PATRICIA CIROZAT, Le diable est blonde

le diable est blonde Patricia cirozat

Roman paru chez MVO éditions

Un accident sur le périphérique bordelais. Un poids lourd percute une femme. Dans le fracas des tôles s’écrasant les unes contre les unes, le chauffeur routier voit dans son rétroviseur une jeune femme blonde accompagnée de son ours en peluche sur un pont surplombant la chaussée. A-t-elle jeté cette femme ? Pour lui, aucun doute, elle est responsable. Et pour lui, aucun doute là-dessus non plus, Le diable est blonde.

Avec ce roman aux allures de thriller, Patricia Cirozat nous offre un livre à tiroirs, un presque huis clos se déroulant en hôpital psychiatrique dans lequel elle explore la psyché de cette jeune femme, celle du chauffeur routier dans une moindre mesure, et nous démontre les mécanismes qui se mettent en place suite à un drame.

Maltraitance et conséquences.

Ce diable blond ne l’est pas devenu par hasard. Mais était-elle prédestinée à cela pour autant ? Jamais elle ne nous explique ses motivations, mais, en nous racontant son histoire, Olympe (c’est son nom) nous place face à une horreur concrète. La peur, la douleur, le ressentiment, la haine, tout est déballé avec une froideur presque clinique.

Les phrases de l’autrice sont souvent à la tournure passive. Cela amplifie le caractère subit de ce que la jeune femme vit. La manœuvre est habile, tout autant que délicate. Mais avec tact et délicatesse, Patricia Cirozat parvient à développer, progressivement, son intrigue. Tout y passe, notamment les façons de se projeter en propulsant son âme dans un objet apparemment anodin. Il s’agit ici d’un ours en peluche, témoin diabolique, tout aussi muet qu’Olympe, qui protège et projette aussi les envies de la jeune femme.

Ce duo pour le moins atypique s’avère relativement frappadingue. Pourtant, nous ne pouvons nous empêcher de les plaindre, de les prendre sous une quelconque chape protectrice. Ce qui arrive à Olympe ne devrait arriver à personne, et l’on comprend aisément que son cerveau ait pu vriller. Est-elle responsable ? Si la réponse est clairement oui, elle est tout aussi clairement non, le jeu des circonstances atténuantes entrant en pleine ligne de mire.

Une mise à distance.

En utilisant la première personne du singulier dans les chapitres consacrés à Olympe et le vouvoiement quand elle décrit ce que traverse le chauffeur routier, Patricia Cirozat nous rend témoin direct des pensées de chacun. Nous sommes même pris à partie dans le cas du chauffeur routier puisque ce qui résulte du vouvoiement est une personnification directe de ce personnage à nous autres lecteurs.
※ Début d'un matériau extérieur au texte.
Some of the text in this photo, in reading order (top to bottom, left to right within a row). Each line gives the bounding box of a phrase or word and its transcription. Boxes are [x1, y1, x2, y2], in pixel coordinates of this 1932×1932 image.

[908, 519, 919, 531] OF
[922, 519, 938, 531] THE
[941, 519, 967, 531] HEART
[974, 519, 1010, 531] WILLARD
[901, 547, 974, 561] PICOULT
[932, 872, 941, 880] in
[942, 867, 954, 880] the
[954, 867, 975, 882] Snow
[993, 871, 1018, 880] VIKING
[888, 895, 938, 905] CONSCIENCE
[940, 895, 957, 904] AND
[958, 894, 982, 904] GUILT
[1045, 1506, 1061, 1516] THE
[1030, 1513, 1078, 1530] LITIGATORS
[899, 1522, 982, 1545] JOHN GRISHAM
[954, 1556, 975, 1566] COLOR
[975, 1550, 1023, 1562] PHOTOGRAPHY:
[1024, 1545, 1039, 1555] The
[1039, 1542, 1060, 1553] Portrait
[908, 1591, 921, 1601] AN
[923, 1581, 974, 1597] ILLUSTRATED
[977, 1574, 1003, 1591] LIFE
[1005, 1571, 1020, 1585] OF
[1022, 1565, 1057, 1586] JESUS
Le drame, ici aussi, à ses conséquences directes, des douleurs de l’âme a priori inextinguible. Mais dans le cas de ce chauffeur comme de celui d’Olympe, c’est une infinie solitude qui nous accable, celle de deux êtres malmenés par l’existence. Aucune capacité à exprimer ce qu’ils ont vécue, aucune manière de s’en sortir, le mal profond les rongeant ne trouvant aucune porte de sortie pour leur laisser le moindre repos.

Leur déchéance psychique, progressive, nous est décrite avec précision (presque maniaquerie), pour autant le rythme n’en souffre pas. L’écriture de Patricia Cirozat, tout en boucle allant s’élargissant, tandis que ces mécanismes proches de l’autodestruction ne cessent de se resserrer, possède la force d’une danse. On est ballotté d’une émotion à l’autre, allant de la révolte à la colère, en passant par la compréhension et la condamnation. Nous sommes acteurs, et ce que nous voyons de nous-mêmes nous heurte parfois.

Une réalité.

Même si Le diable est blonde peut ressembler à un fait divers, il évite les facilités racoleuses. Néanmoins, il reste une réalité probable. Nous ne savons pas ce qui se passe chez nos voisins, nous ne savons pas comment nous réagirions si nous venions à percuter une personne sur la route. Patricia Cirozat nous donne ici sa vision de la chose, et force est d’admettre qu’elle vise juste. Et c’est glaçant.

Enfin, son ultime pied de nez consiste peut-être à avoir nommé son personnage principal du nom du domaine des dieux, elle qui s’avère être une personnification du diable pour le chauffeur routier. Cela ne fait qu’accentuer le fait que si nous avons un destin (si tant est qu’il existe), nous en sommes tout de même responsables. Le diable est blonde, saisissant, pourrait bien nous hanter un moment, et nous faire voir la rubrique fait divers des journaux d’un œil nouveau.